■ **Work instruction**
Word for word, restate each of the entries below, and drop every picture.

· · · ·

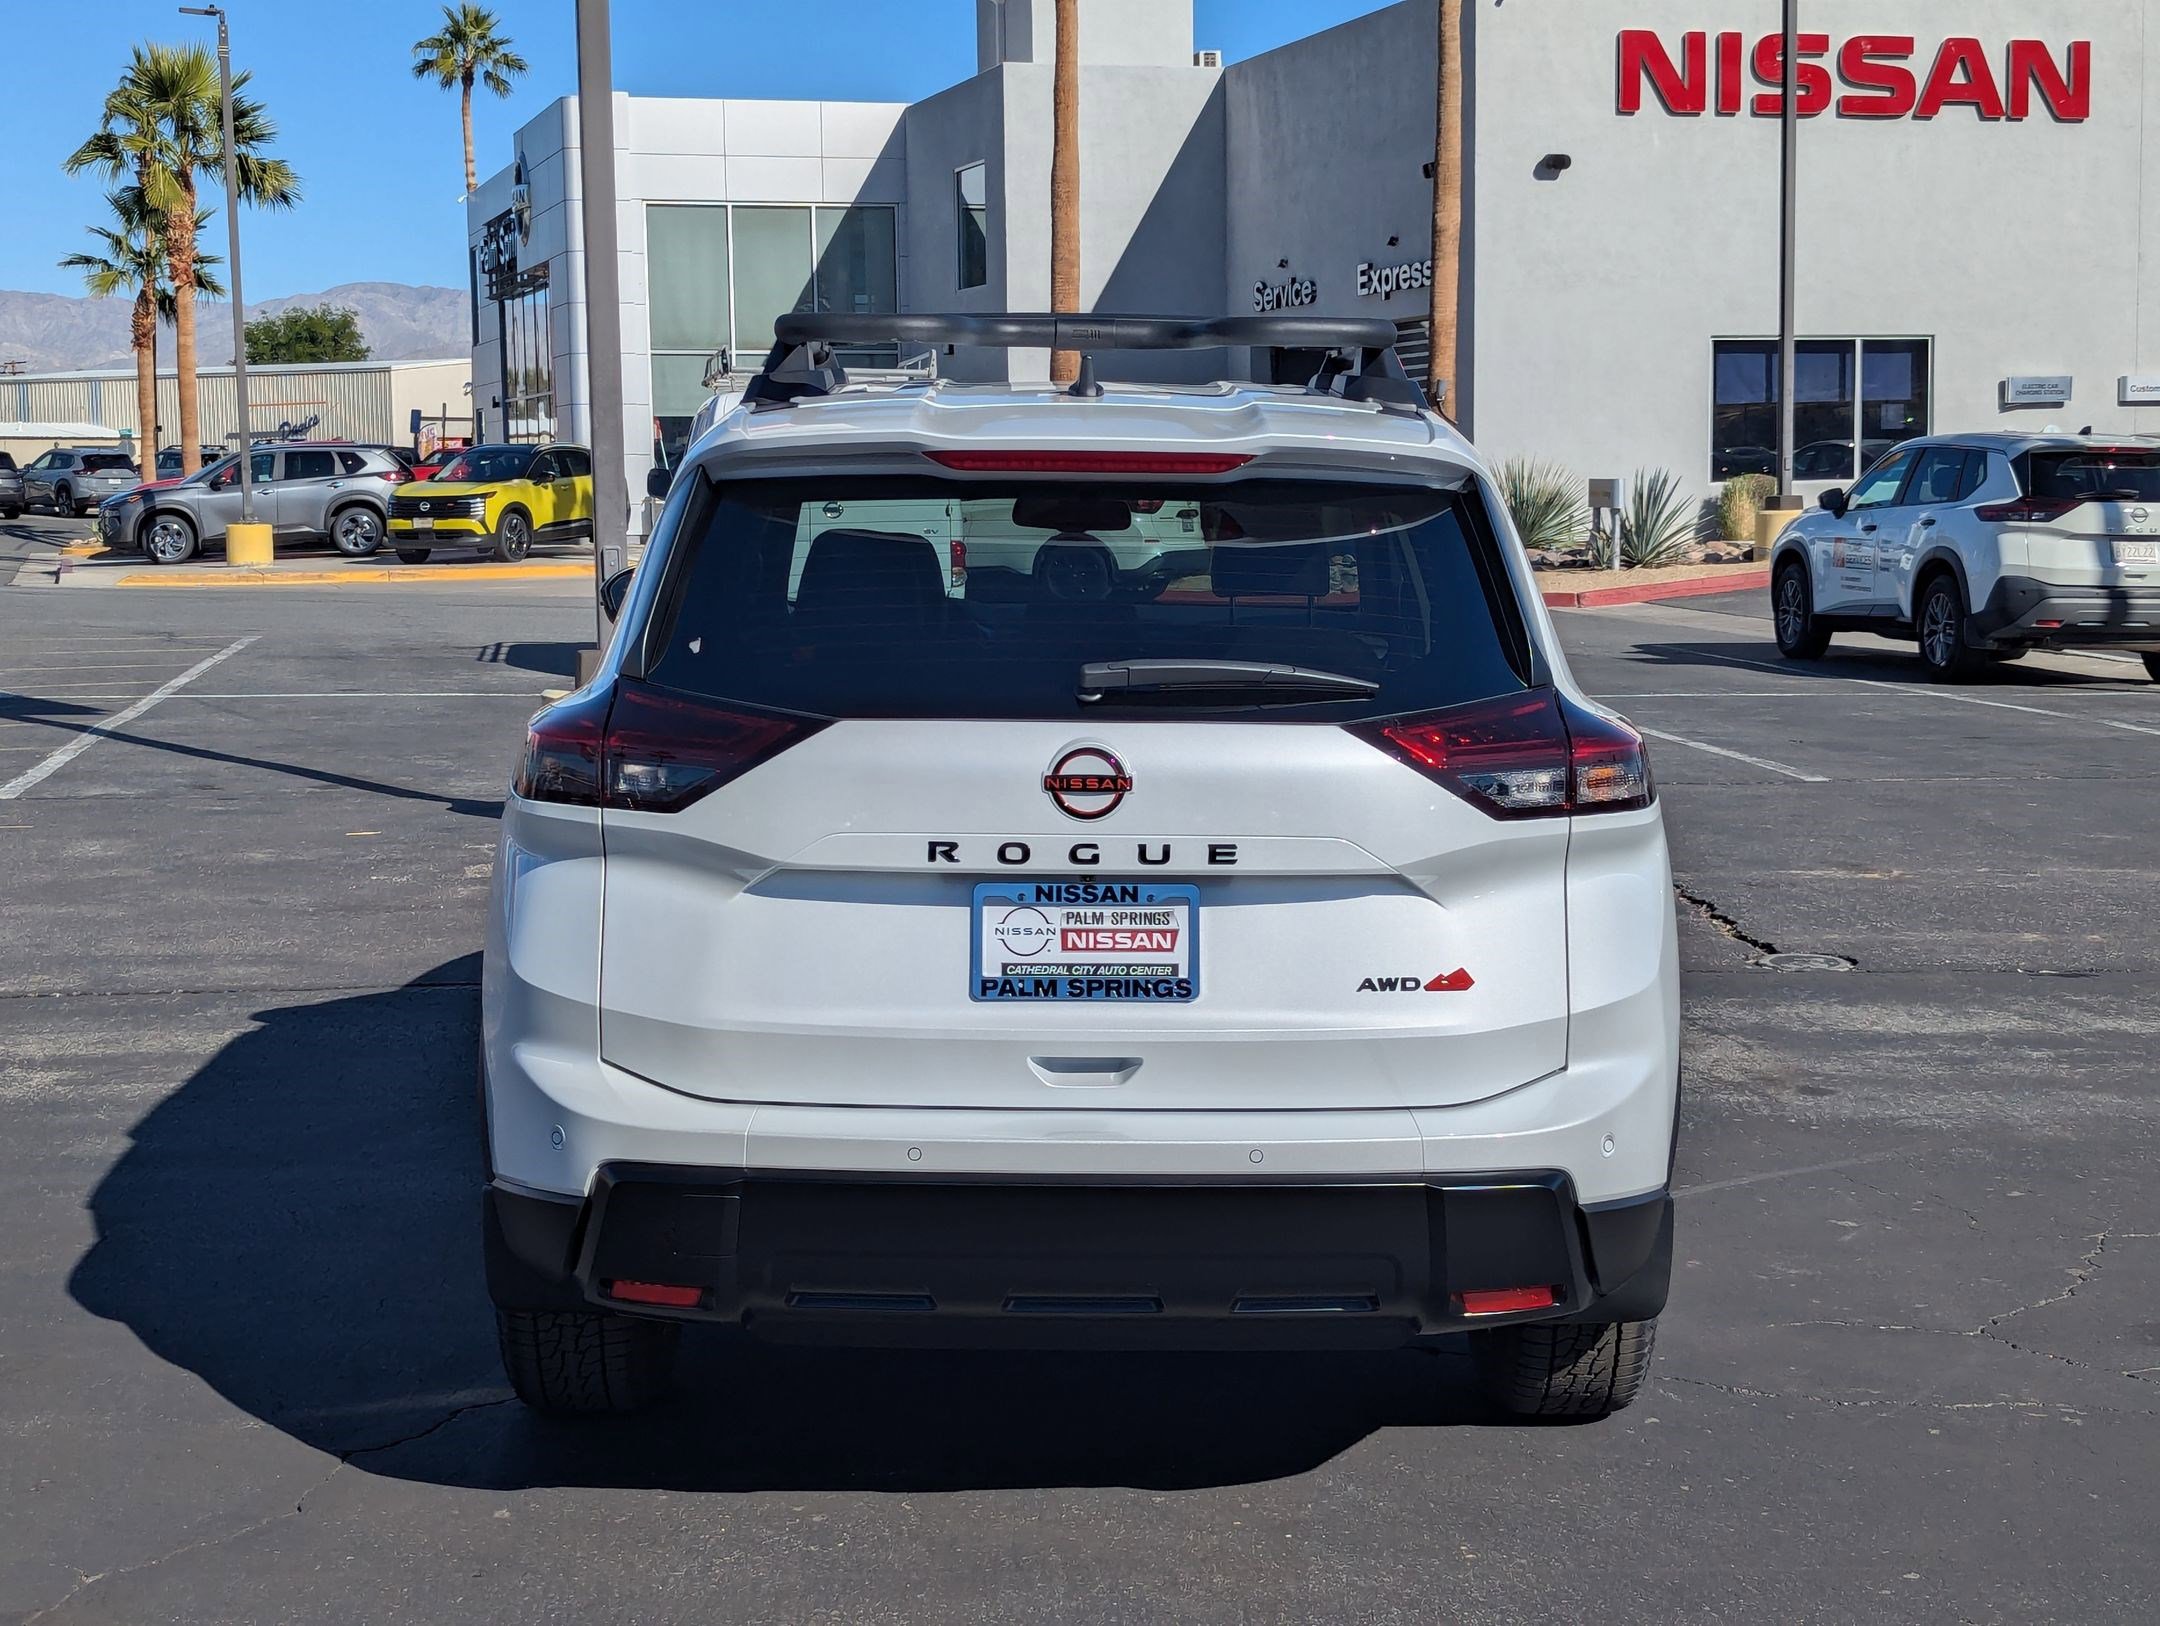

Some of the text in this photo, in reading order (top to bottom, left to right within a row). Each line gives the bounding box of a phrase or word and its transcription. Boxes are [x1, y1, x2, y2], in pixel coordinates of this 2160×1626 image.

[1617, 29, 2091, 120] NISSAN
[1356, 259, 1432, 301] Express
[1253, 277, 1314, 312] Service
[1045, 777, 1132, 791] NISSAN
[927, 841, 1239, 866] ROGUE
[1034, 884, 1139, 904] NISSAN
[1065, 911, 1171, 926] PALM SPRINGS
[994, 927, 1057, 937] NISSAN
[1067, 932, 1173, 949] NISSAN
[1006, 964, 1173, 976] CATHEDRAL CITY AUTO CENTER
[980, 978, 1194, 999] PALM SPRINGS
[1356, 976, 1422, 993] AWD

· · · ·

■ **Exercise output**
Some of the text in this photo, in reading order (top to bottom, left to right within a row). Each line gives the bounding box of a phrase or word and its transcription. Boxes are [x1, y1, x2, y2], in pixel coordinates of this 2160×1626 image.

[1617, 29, 2091, 120] NISSAN
[1356, 259, 1432, 301] Express
[1253, 277, 1314, 312] Service
[1045, 777, 1132, 791] NISSAN
[927, 841, 1239, 866] ROGUE
[1034, 884, 1139, 904] NISSAN
[1065, 911, 1171, 926] PALM SPRINGS
[994, 927, 1057, 937] NISSAN
[1067, 932, 1173, 949] NISSAN
[1006, 964, 1173, 976] CATHEDRAL CITY AUTO CENTER
[980, 978, 1194, 999] PALM SPRINGS
[1356, 976, 1422, 993] AWD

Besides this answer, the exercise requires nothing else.